The concept behind the Kilbeggan campaign is the teensiest bit meta: Now that the brand is trumpeting its presence far beyond the town borders, its locals are worried that there won't be enough whiskey to go around. So the authentically accented and authentically ruddy Darren has taken up knitting. Why knitting? Because provincial barflies are usually too busy playing chicken with their livers to embrace a new hobby like knitting or cosmetic dentistry. So becoming an expert knitter/cosmetic dentist would totally be an exaggeratedly comedic natural reaction to the betrayal that his beloved local brand going global constitutes, right?

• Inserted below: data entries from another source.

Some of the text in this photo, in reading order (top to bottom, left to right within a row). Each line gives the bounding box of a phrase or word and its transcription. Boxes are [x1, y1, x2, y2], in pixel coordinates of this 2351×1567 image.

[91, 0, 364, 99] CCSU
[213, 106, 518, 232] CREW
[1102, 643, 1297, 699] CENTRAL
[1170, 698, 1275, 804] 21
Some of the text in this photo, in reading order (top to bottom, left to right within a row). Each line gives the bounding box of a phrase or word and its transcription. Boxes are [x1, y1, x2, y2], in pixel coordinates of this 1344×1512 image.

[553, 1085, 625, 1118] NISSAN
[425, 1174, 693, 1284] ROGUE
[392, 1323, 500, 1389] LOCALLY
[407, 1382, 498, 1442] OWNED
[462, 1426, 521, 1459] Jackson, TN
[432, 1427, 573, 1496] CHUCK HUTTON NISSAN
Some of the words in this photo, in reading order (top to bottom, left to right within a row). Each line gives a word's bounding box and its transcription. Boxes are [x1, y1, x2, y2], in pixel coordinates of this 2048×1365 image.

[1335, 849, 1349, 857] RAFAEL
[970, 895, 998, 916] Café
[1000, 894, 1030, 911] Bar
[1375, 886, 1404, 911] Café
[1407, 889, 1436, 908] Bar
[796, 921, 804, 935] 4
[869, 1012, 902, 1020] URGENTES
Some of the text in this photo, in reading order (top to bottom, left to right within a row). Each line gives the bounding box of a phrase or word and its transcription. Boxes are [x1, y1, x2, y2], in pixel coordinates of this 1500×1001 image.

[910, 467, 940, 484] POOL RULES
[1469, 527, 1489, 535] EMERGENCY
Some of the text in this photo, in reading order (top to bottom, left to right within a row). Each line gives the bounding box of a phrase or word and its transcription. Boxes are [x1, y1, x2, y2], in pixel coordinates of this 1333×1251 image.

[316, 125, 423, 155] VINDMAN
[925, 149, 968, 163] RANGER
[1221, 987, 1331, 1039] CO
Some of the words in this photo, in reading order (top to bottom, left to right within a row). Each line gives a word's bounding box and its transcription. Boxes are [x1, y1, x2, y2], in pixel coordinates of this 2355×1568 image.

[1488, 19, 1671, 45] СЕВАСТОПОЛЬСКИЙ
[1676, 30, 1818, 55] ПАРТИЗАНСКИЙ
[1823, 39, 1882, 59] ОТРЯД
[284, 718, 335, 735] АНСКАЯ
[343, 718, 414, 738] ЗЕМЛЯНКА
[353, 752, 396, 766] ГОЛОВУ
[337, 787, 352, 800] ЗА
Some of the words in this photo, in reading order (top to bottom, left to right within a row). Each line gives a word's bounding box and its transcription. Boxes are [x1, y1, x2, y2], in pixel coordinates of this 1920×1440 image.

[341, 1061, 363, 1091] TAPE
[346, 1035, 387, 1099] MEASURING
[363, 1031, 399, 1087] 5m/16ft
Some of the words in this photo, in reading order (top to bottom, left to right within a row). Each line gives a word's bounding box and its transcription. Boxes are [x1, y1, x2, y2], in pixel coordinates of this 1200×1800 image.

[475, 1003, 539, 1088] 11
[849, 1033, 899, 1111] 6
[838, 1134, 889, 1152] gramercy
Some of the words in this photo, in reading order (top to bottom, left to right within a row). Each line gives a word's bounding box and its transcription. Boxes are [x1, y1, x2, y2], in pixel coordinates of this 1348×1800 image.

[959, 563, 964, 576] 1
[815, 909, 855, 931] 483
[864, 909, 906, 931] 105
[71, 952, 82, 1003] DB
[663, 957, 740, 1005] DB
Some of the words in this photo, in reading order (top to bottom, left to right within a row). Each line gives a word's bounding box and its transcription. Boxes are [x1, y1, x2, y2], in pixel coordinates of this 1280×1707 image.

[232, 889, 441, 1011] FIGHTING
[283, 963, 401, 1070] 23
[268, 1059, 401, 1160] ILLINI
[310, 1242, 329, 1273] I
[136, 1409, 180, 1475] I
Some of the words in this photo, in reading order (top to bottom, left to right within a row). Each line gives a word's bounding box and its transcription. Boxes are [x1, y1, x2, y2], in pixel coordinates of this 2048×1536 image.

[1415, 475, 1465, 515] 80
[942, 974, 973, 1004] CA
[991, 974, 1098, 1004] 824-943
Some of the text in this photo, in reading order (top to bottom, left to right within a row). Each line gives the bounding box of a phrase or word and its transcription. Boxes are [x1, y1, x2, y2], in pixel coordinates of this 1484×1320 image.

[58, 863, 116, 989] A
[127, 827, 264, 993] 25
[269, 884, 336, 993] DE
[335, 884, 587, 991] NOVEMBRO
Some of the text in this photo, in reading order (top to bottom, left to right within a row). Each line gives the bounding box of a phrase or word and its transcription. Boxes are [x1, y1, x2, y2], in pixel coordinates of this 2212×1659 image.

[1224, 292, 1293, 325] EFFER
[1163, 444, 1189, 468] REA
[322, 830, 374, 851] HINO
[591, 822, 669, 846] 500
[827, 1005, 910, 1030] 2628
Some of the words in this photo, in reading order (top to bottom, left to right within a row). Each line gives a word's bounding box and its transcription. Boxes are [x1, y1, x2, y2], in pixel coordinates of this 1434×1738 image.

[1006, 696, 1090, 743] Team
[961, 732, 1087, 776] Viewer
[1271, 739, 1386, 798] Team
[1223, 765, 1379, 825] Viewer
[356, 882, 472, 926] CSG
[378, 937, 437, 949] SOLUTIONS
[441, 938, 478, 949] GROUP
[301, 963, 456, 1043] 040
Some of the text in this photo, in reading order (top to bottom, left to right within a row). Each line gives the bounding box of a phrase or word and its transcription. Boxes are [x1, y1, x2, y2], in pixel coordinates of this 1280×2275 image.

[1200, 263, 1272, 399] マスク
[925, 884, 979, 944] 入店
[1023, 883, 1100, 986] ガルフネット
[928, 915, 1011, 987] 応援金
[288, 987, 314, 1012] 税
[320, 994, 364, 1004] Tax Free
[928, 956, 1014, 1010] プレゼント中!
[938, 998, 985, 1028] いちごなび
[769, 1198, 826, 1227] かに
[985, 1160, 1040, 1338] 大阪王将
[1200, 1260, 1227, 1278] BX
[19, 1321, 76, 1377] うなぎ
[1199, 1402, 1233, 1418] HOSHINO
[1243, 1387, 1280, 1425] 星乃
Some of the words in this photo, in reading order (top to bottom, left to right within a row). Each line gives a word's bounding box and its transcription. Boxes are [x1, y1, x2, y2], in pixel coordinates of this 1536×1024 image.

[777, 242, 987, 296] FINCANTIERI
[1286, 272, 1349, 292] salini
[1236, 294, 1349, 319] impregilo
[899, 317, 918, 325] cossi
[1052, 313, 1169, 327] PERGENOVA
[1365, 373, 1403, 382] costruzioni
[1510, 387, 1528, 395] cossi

Indeed it would, and the campaign wouldn't rise beyond the level of benign misfire if it stopped there. But in extending the clip for web consumption, Kilbeggan renders it even dimmer and more oblique. The 30-second spot makes some modicum of sense, thanks to the helpful intro by the fetching lass of a bartender. But the longer version excises that intro in favor of more knit-babble; if you can unlock its central premise without peeking at the YouTube blurb ("with the secret of Kilbeggan Irish Whiskey revealed to the world, Darren is determined to keep the Kilbeggan memory tightly knitted in the community"), you are a more skilled interpreter of brand motive than I.
The Kilbeggan folks appear to have overthought this thing. While "the best kept secret in whiskey, until now" is a natural angle for campaign of this kind, the video assets that accompany it scuff the brand sheen. Aspiring to cleverness is all well and good, except when it comes at the expense of authenticity.